Work order:
Exactly as written, return every line of the data below apart from the pictures.

- - - - - - -

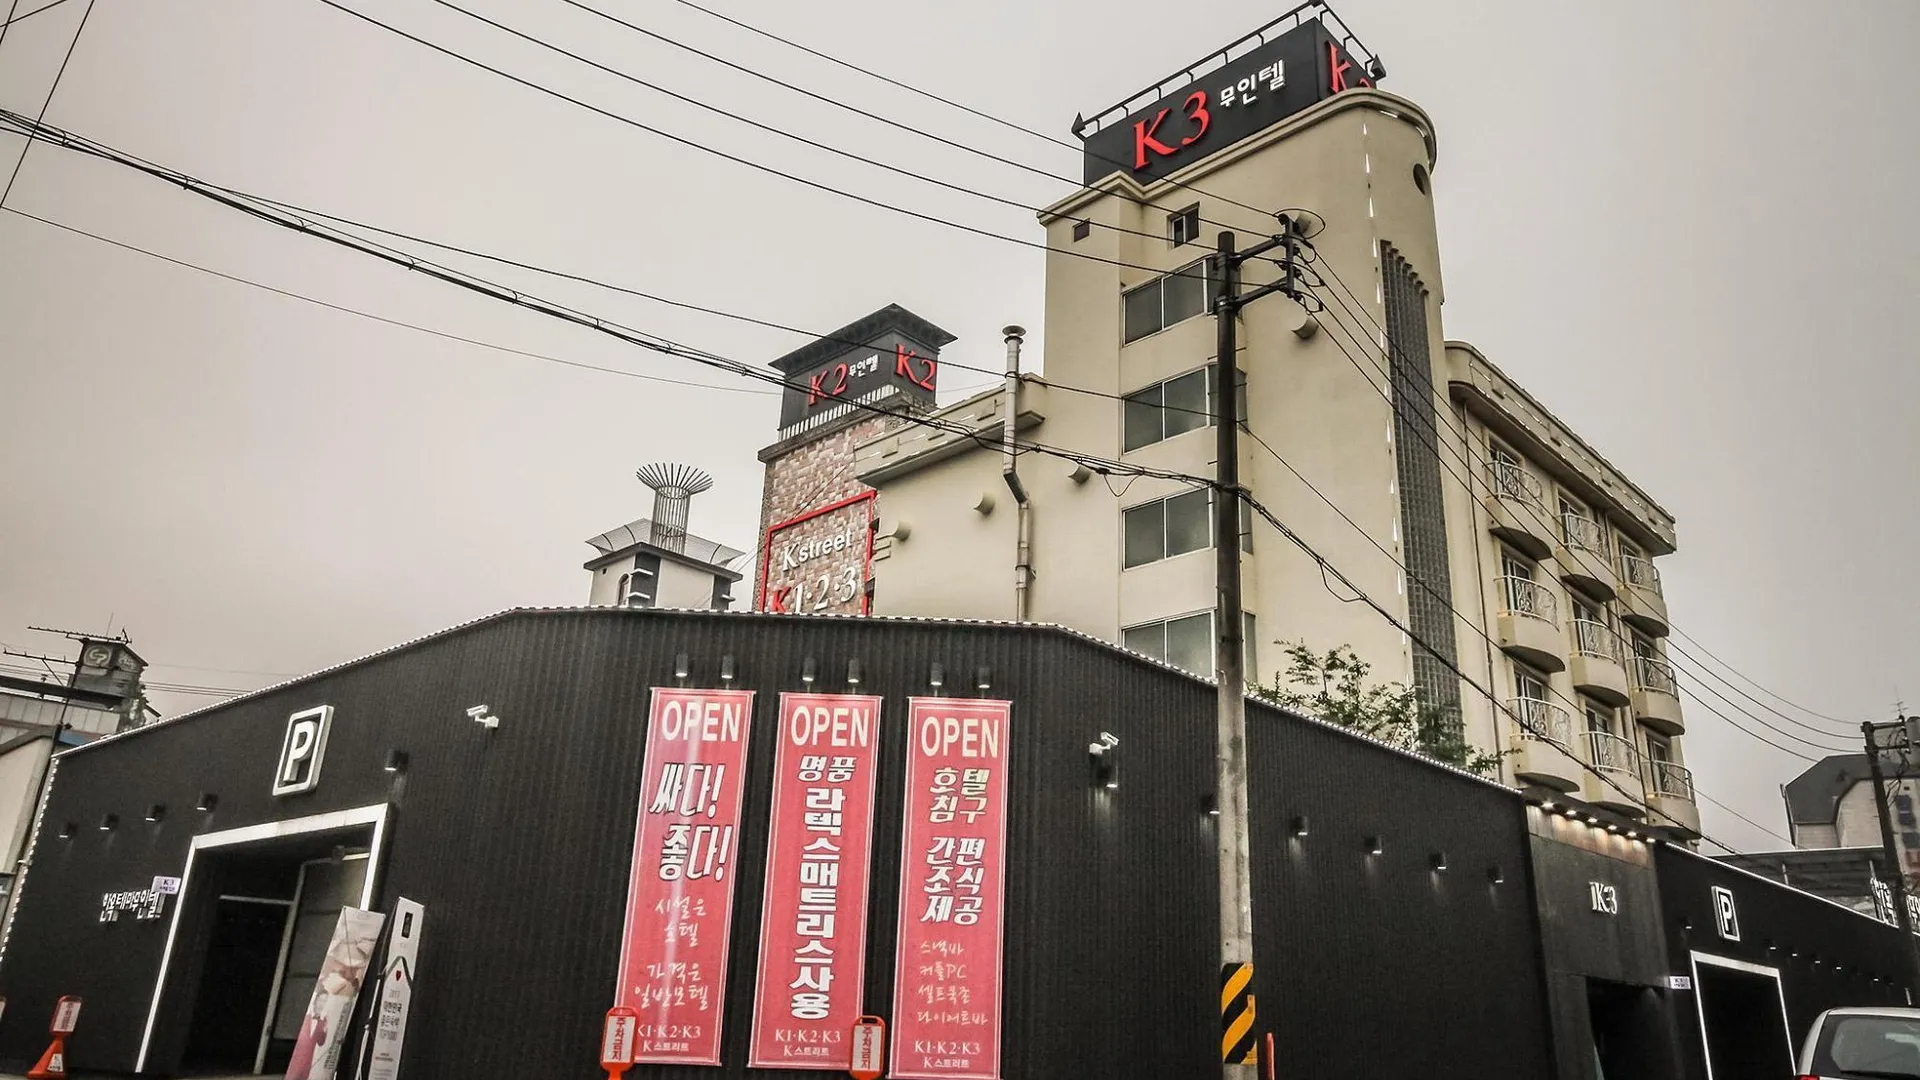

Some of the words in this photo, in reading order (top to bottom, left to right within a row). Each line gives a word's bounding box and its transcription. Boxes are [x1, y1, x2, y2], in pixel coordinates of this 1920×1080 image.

[1326, 40, 1372, 95] K
[1132, 89, 1211, 171] K3
[1219, 58, 1286, 108] 무인텔
[808, 363, 848, 406] K2
[848, 354, 879, 378] 무인텔
[895, 342, 936, 392] K2
[661, 700, 741, 742] OPEN
[791, 705, 870, 747] OPEN
[921, 716, 999, 759] OPEN
[283, 720, 318, 782] P
[797, 755, 857, 783] 명품
[648, 762, 726, 819] 싸다!
[929, 767, 991, 796] 호텔
[929, 795, 988, 824] 침구
[658, 823, 733, 881] 좋다!
[926, 836, 986, 866] 간편
[923, 866, 985, 895] 조식
[1588, 881, 1618, 915] K3
[654, 896, 707, 920] 시설은
[920, 895, 983, 926] 제공
[647, 962, 702, 985] 가격은
[634, 985, 709, 1011] 일반모텔

- - - - - - -

Task response:
Some of the words in this photo, in reading order (top to bottom, left to right within a row). Each line gives a word's bounding box and its transcription. Boxes are [x1, y1, x2, y2], in pixel coordinates of this 1920×1080 image.

[1326, 40, 1372, 95] K
[1132, 89, 1211, 171] K3
[1219, 58, 1286, 108] 무인텔
[808, 363, 848, 406] K2
[848, 354, 879, 378] 무인텔
[895, 342, 936, 392] K2
[661, 700, 741, 742] OPEN
[791, 705, 870, 747] OPEN
[921, 716, 999, 759] OPEN
[283, 720, 318, 782] P
[797, 755, 857, 783] 명품
[648, 762, 726, 819] 싸다!
[929, 767, 991, 796] 호텔
[929, 795, 988, 824] 침구
[658, 823, 733, 881] 좋다!
[926, 836, 986, 866] 간편
[923, 866, 985, 895] 조식
[1588, 881, 1618, 915] K3
[654, 896, 707, 920] 시설은
[920, 895, 983, 926] 제공
[647, 962, 702, 985] 가격은
[634, 985, 709, 1011] 일반모텔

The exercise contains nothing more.